September 3, 2012
European Court: PGD Ban Violates Reproductive Human Rights
The use of genetics in reproductive decisions has a long pedigree, as prospective parents consider their genetic background when considering whether children will be born free from disease. As molecular genetics enters medicine, a technique known as preimplantation genetic diagnosis (PGD) has been available for couples at high risk of giving birth to offspring with genetic disease (e.g., two parents that are carriers for the recessive cystic fibrosis). By using in vitro fertilization with genetic screening, PGD offers the possibility of selecting an embryo without disease for implantation.

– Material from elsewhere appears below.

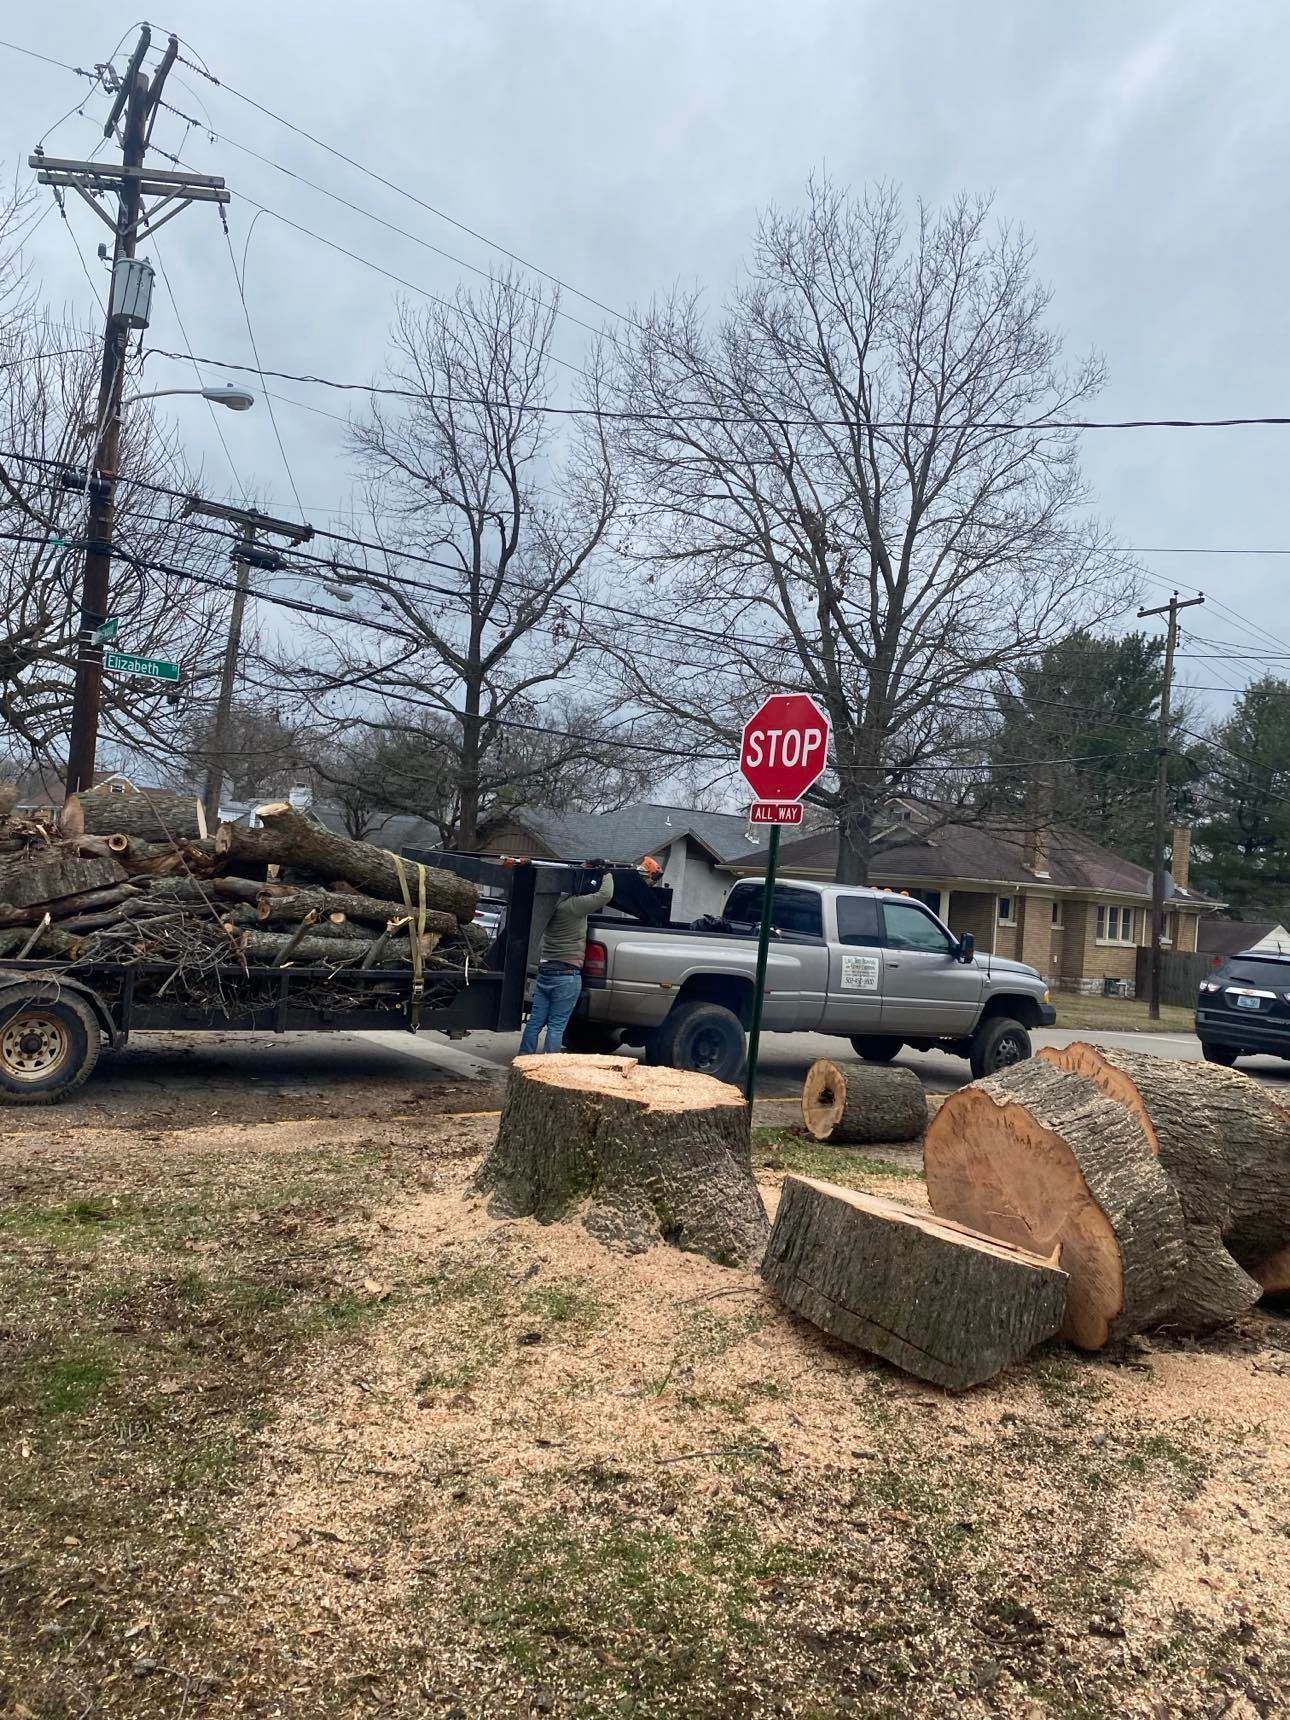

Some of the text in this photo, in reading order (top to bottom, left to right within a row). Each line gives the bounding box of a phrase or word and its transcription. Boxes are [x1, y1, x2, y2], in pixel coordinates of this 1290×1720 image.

This technique is used in the U.S. as a modality in the general field of assisted reproductive technologies (ARTs), which are largely unregulated by the government here, although subject to professional norms (e.g., American Society for Reproductive Medicine). This past week, the European Court of Human Rights ruled that Italian Law 40 forbidding the use of PGD violated the human rights of a couple that sought to use the technique because of their risk in birthing a second CF child. The law was a violation of Article 8 (right to respect for private and family life) of the European Convention on Human Rights. By analogy to U.S. law, the challenge was a familiar type of assertion for reproductive autonomy against the interference of the state. Italy was ordered to pay damages to the challenging couple. The court noted the "inconsistency of the Italian legal system" - prohibiting the preemptive and avoidant approach of PGD while simultaneously allowing abortion to terminate pregnancy. While the opinion by the ECHR is advisory and does not repeal the law, the ruling will increase pressure on Italy (and possibly Austria and Switzerland, which have similar laws) to reconsider the ban on this ART. Earlier this year, the EHCR ruled that Ireland's abortion ban violated the human rights of a pregnant woman with cancer who could not access abortion services despite her pregnancy-related health risk.